* Work task
Where a picture appears, leave it out, and transcribe all the lines below exactly.

* Stored data
Segment Open
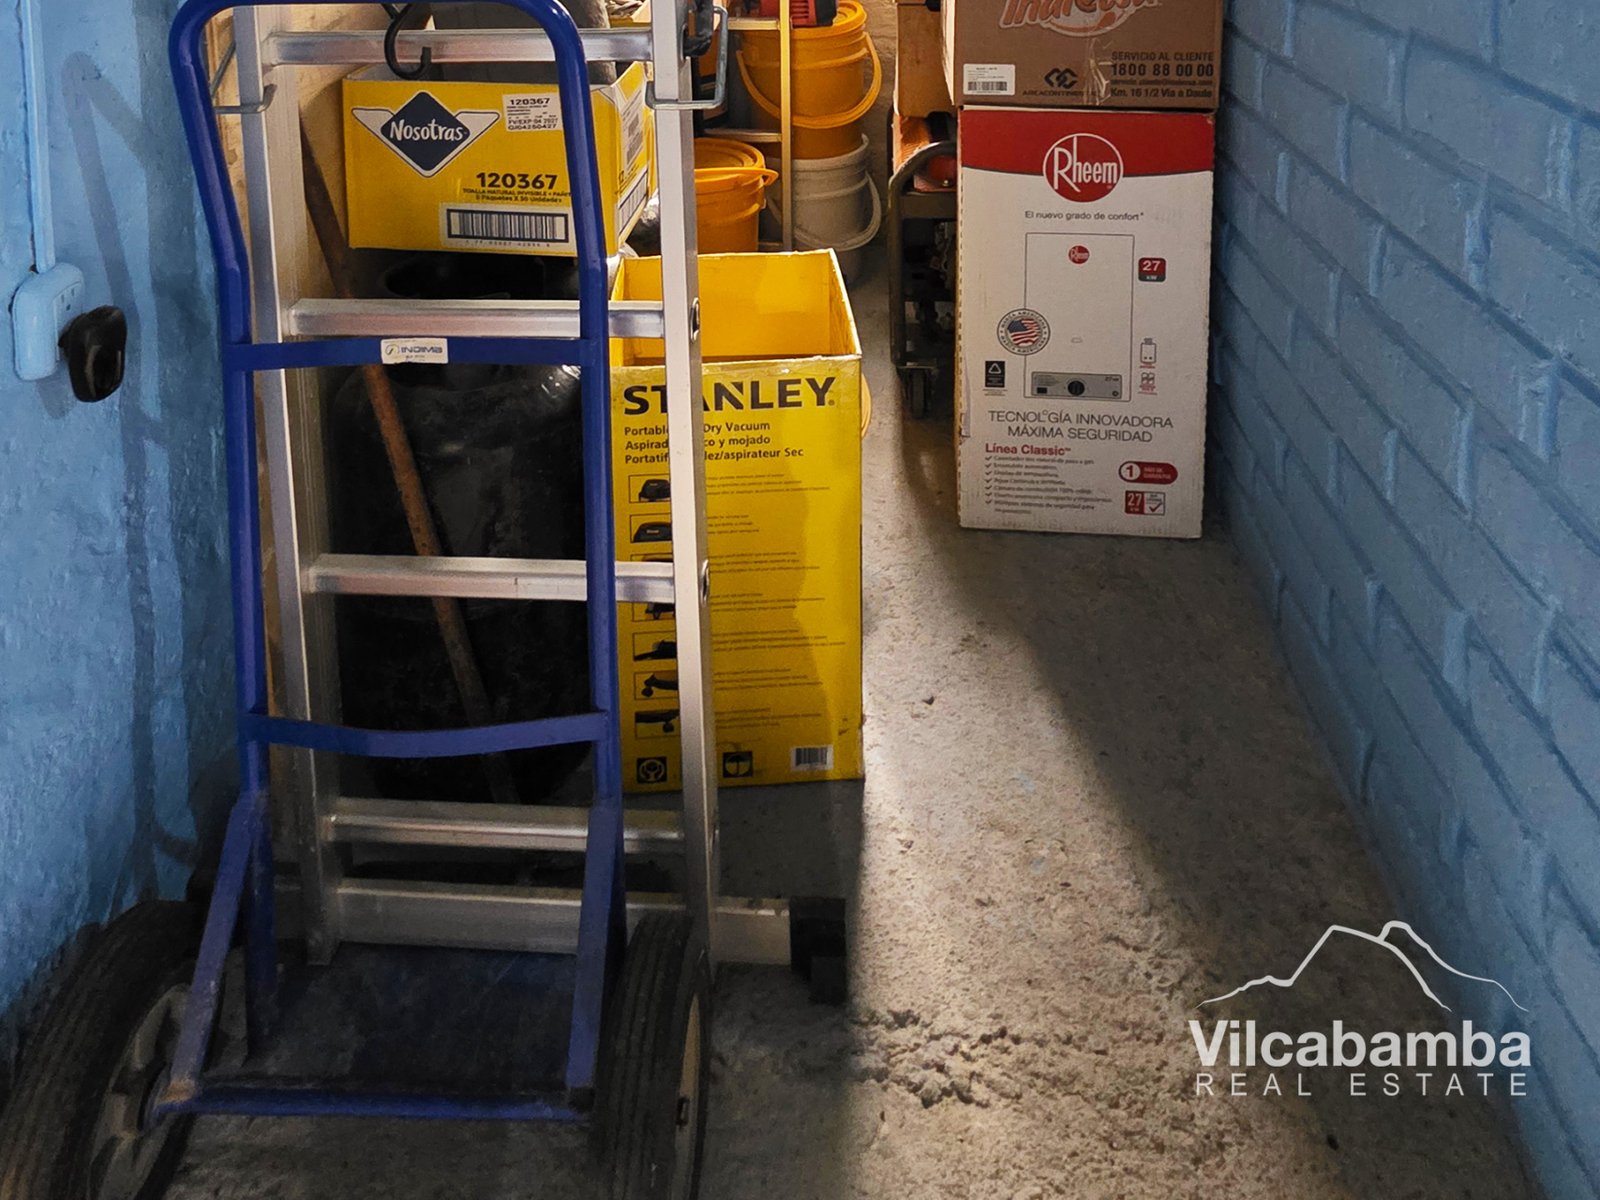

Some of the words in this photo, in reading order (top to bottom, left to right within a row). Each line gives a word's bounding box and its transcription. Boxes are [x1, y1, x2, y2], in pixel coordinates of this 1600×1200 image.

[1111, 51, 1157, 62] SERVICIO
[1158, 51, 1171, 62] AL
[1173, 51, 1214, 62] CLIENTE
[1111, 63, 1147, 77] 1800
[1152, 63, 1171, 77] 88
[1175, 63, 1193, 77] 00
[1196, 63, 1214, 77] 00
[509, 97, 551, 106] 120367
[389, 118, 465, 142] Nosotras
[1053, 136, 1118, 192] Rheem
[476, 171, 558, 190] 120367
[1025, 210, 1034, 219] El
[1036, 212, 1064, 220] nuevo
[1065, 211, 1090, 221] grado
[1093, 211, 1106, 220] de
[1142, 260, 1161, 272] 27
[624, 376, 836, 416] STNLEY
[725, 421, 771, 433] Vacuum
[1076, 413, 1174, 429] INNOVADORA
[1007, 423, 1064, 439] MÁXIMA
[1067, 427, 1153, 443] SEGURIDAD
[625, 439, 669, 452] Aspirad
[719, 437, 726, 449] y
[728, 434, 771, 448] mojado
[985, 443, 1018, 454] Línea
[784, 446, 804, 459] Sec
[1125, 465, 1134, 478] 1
Segment Closed
* The answer
Some of the words in this photo, in reading order (top to bottom, left to right within a row). Each line gives a word's bounding box and its transcription. Boxes are [x1, y1, x2, y2], in pixel coordinates of this 1600×1200 image.

[1111, 51, 1157, 62] SERVICIO
[1158, 51, 1171, 62] AL
[1173, 51, 1214, 62] CLIENTE
[1111, 63, 1147, 77] 1800
[1152, 63, 1171, 77] 88
[1175, 63, 1193, 77] 00
[1196, 63, 1214, 77] 00
[509, 97, 551, 106] 120367
[389, 118, 465, 142] Nosotras
[1053, 136, 1118, 192] Rheem
[476, 171, 558, 190] 120367
[1025, 210, 1034, 219] El
[1036, 212, 1064, 220] nuevo
[1065, 211, 1090, 221] grado
[1093, 211, 1106, 220] de
[1142, 260, 1161, 272] 27
[624, 376, 836, 416] STNLEY
[725, 421, 771, 433] Vacuum
[1076, 413, 1174, 429] INNOVADORA
[1007, 423, 1064, 439] MÁXIMA
[1067, 427, 1153, 443] SEGURIDAD
[625, 439, 669, 452] Aspirad
[719, 437, 726, 449] y
[728, 434, 771, 448] mojado
[985, 443, 1018, 454] Línea
[784, 446, 804, 459] Sec
[1125, 465, 1134, 478] 1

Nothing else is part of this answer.